Subsequent treatment after gene therapy in spinal muscular atrophy provides additional benefit when motor scales had initially plateaued.


Topic:

Clinical Management

Poster Number: S106

Author(s):

Stephanie Acord, MD, Cook Children's Medical Center

Spinal muscular atrophy is a progressive neuromuscular disorder that has seen many new treatments become commercially available since 2016. Unfortunately, the accessibility to multiple treatment options based on sub optimal response lies in the hands of the insurance
companies, not the treating providers and the patient’s family. We as treating providers have contemplated when to try to add a second treatment when our patient has not had the response we were hoping for. At this time, we are unable to predict which patients will respond the best to the treatments. Here we share our real world experience of treating seven patients with spinal muscular atrophy that received onasemnogene abeparvovec(zolgensma) initially and had
the addition of either nusinersen or risdiplam based on a suboptimal response. Six of the seven patients have 2 copies of SMN2 and one patient has 3 copies of the SMN2 gene. All patients were felt to plateau in the motor function gains prior to initiation of subsequent treatment. The improvement on first subsequent CHOP INTEND after initiation of treatment for the type 1 patients ranged from 3 points in 1 month to 16 points in 5 months. The type 2 patient has
improved by 3 points on Revised Hammersmith Scale in less than 3 months.
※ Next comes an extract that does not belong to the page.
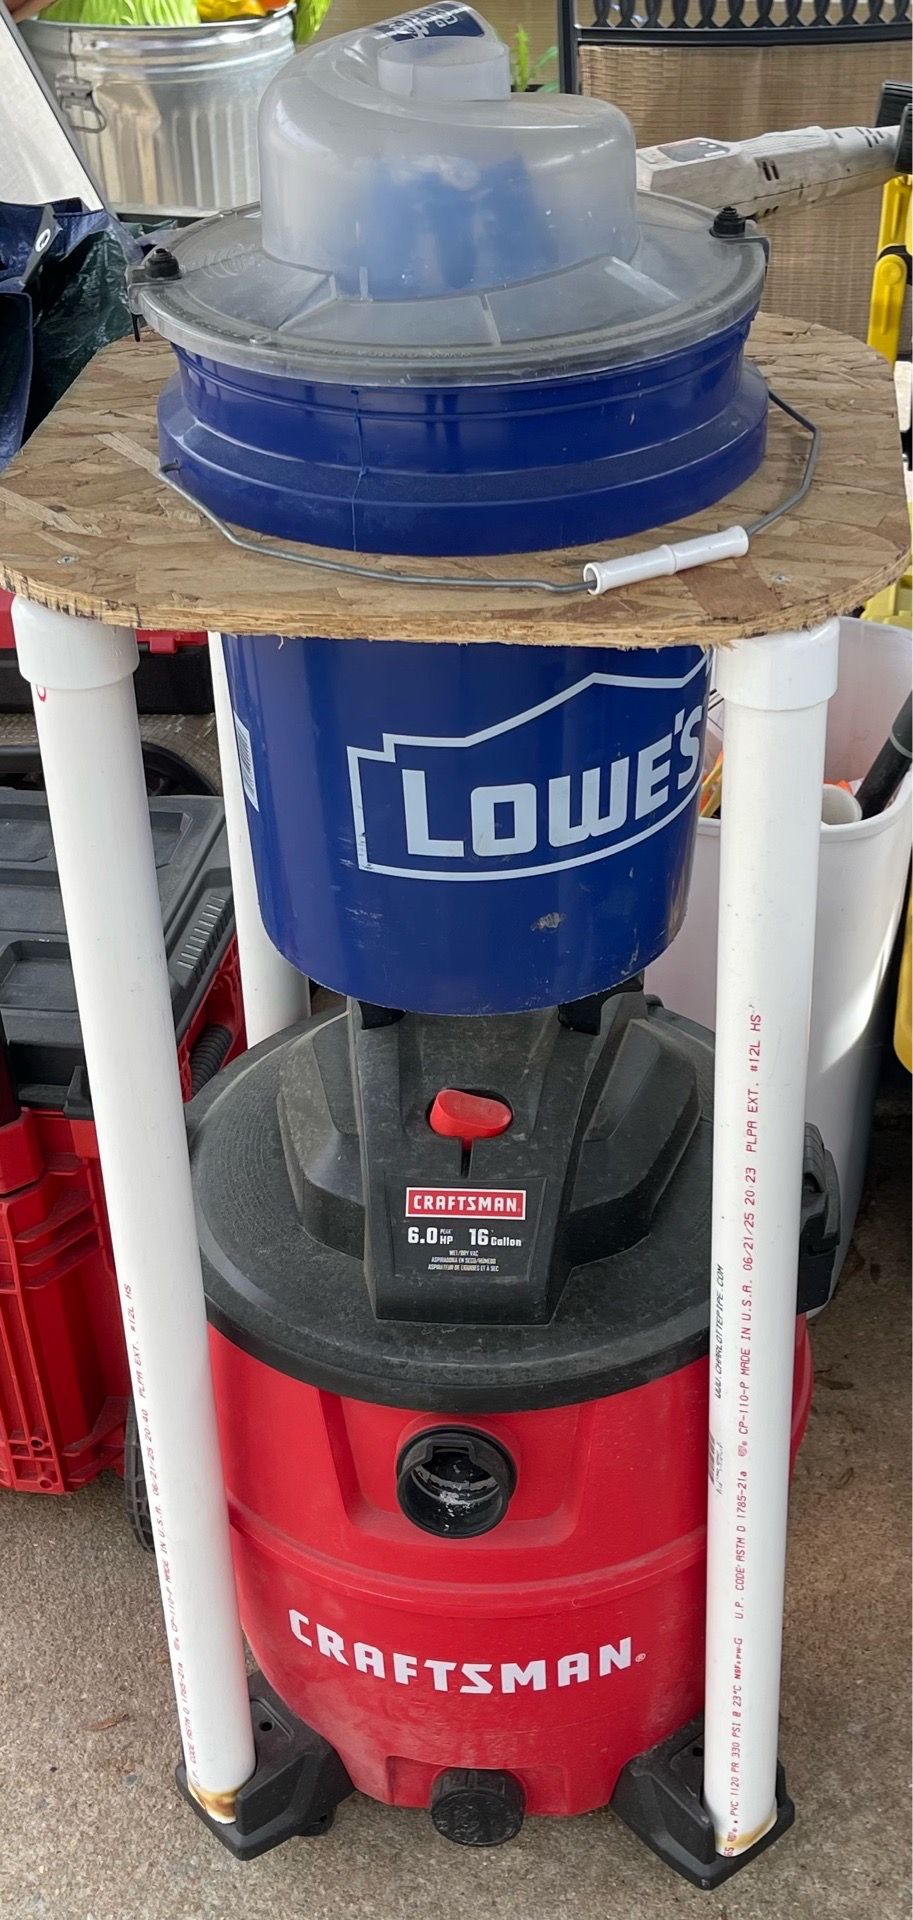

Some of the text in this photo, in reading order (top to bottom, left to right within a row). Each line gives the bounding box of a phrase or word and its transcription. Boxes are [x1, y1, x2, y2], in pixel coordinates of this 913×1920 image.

The fast and robust improvement in these scores were felt to be strictly from additional treatment and not misinterpreted as a continued improvement from the initial zolgensma treatment. These
patients have continue to make additional gains in clinical examination assessments, motor development scales, motor milestones, and quality of life. Secondary treatments have not been found to be associated with any adverse events thus far in our patients. Based on our experience, we feel that all patients with spinal muscular atrophy should have accessibility to additional treatments to promote additional gains.